I restart and enter CLI. I follow the directions for Level 3 and try the same code to switch off compiz. I try restarting and the CLI doesn’t recognize the command(s). I tried
restart -h
shutdown -h now
and various combinations to get the laptop to at least shutdown. I somehow manage to shut it down and restart. I log back into my account hoping by some miracle I did something right.
I get the white screen.
I’m pretty desperate by this point and go through the previous posts and go to the link provided by Confuseling. I read through them and get to the section of gnome .bak
I try what I think is rolling back gnome. The linked post had four different lines of code. I go through each one and only two of them don’t get an unrecognized or cannot find blah blah blah.
Anyway. After restarting I still get the white screen.
I really don’t know what else to do. I was hoping there was something in the livedvd that could repair the suse partition. That would be groovier than that ugly white screen!
Pause the boot by moving the down arrow, then back up to the default boot. But now press backspace, it should delete any text where you can see: vga=0x…

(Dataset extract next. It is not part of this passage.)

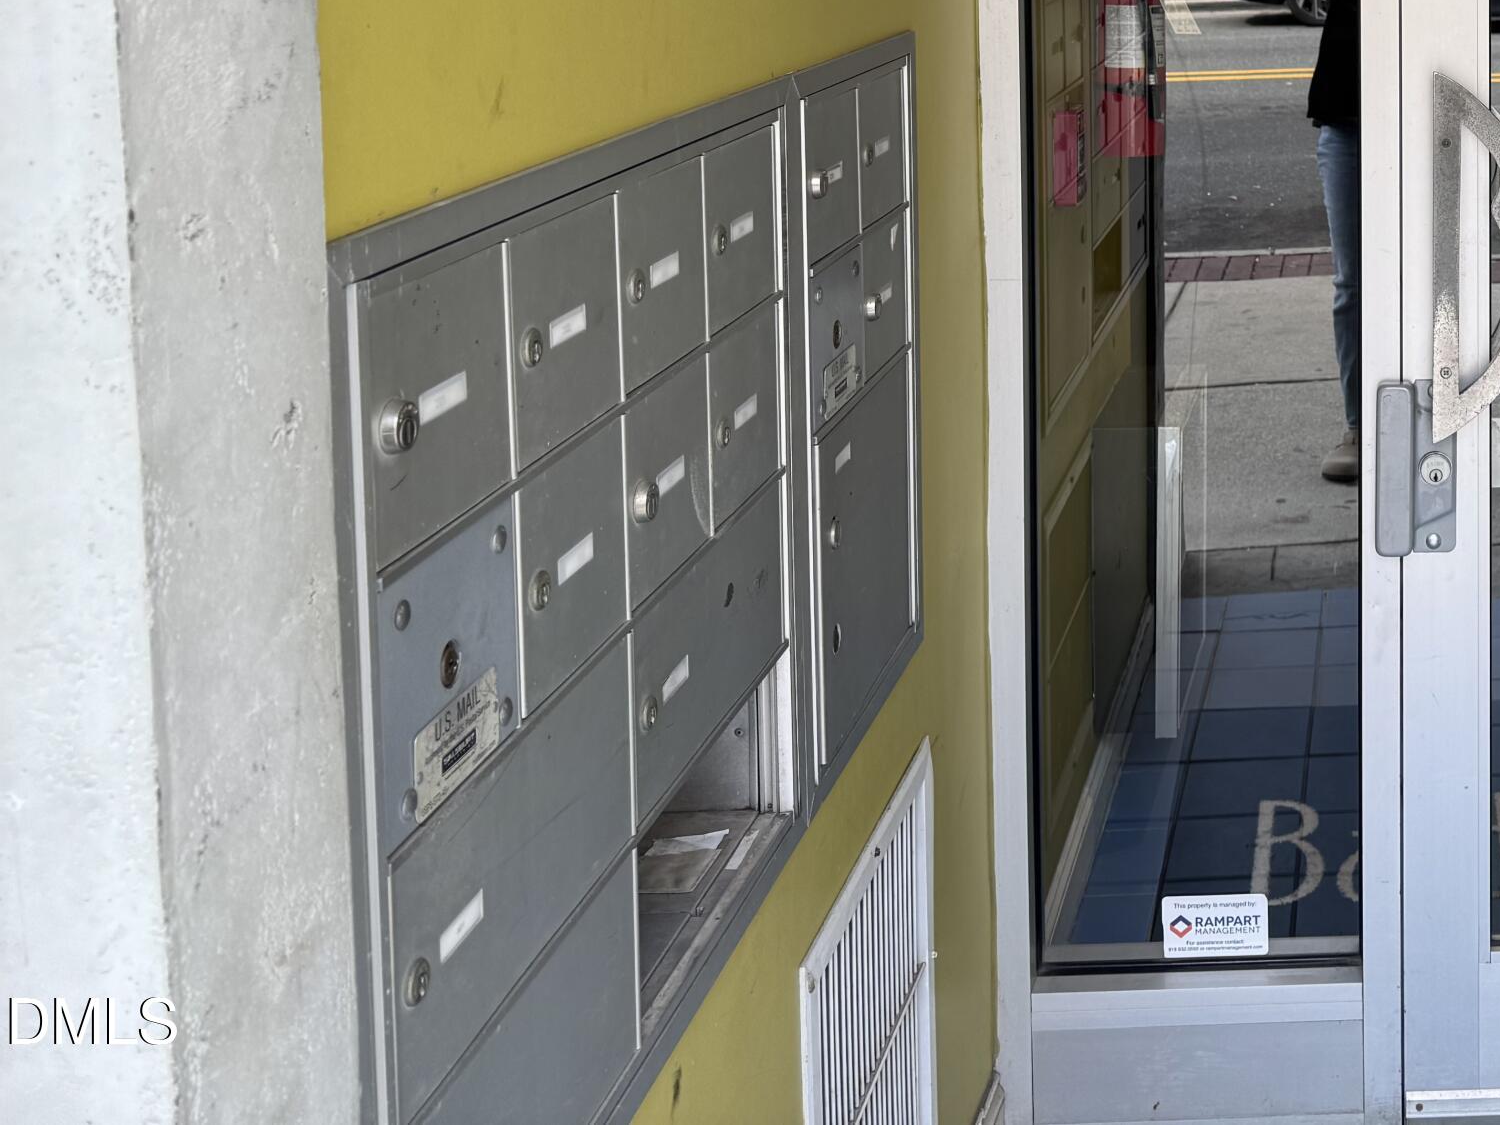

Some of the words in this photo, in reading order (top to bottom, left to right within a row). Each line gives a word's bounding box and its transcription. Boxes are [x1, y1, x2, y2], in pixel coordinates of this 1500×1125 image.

Remove all text and now type just the number: 3
and hit enter
at the login type your user name and then password
now type: su
then the root password
now type this:
sax2 -r -m 0=vesa
(N.B. the 0 is a zero not a letter)
now reboot: type: reboot
if you don’t get a gui login
login as user at cli and try this at the cli
startx
Caf. I tried again. Same white screen. There was a box that popped up after the sax loading.
It asked if I wanted to keep the current settings or reconfigure. I went with the current. After which I rebooted.
Same white screen.
I had to take a break! I also had some studying to do (while listening to some good music) which took my mind off of Suse
I did the blind gnome terminal commands and got a peek at what’s hiding behind that white slate. My desktop reverted back to the green background. Unfortunately this is a dead-end. One cannot change anything in the no-metacity state.
No choice but to reboot and try the sax2 again but choose the “change configuration” tab. Everything looked fine. Things were also grayed out such as the enable 3d accel tab. I left it as is and saved. Rebooted and the white screen again.
I’m relieved I got dual-boot going on here! I can’t imagine what would happen if I only had one OS on here! Needless to say I hope someone sees this thread and can make a miracle happen for me. I sure hate to give up on Suse. I liked the speed, clean layouts, and customization this distro offered.
Move the mouse pointer over the screen, when you get the cursor pointer, click, the cursor will be on the terminal.Then type blindly, metacity --replace& and then press enter. Within a few sec, the malfunctioning window manager will be replaced with metacity.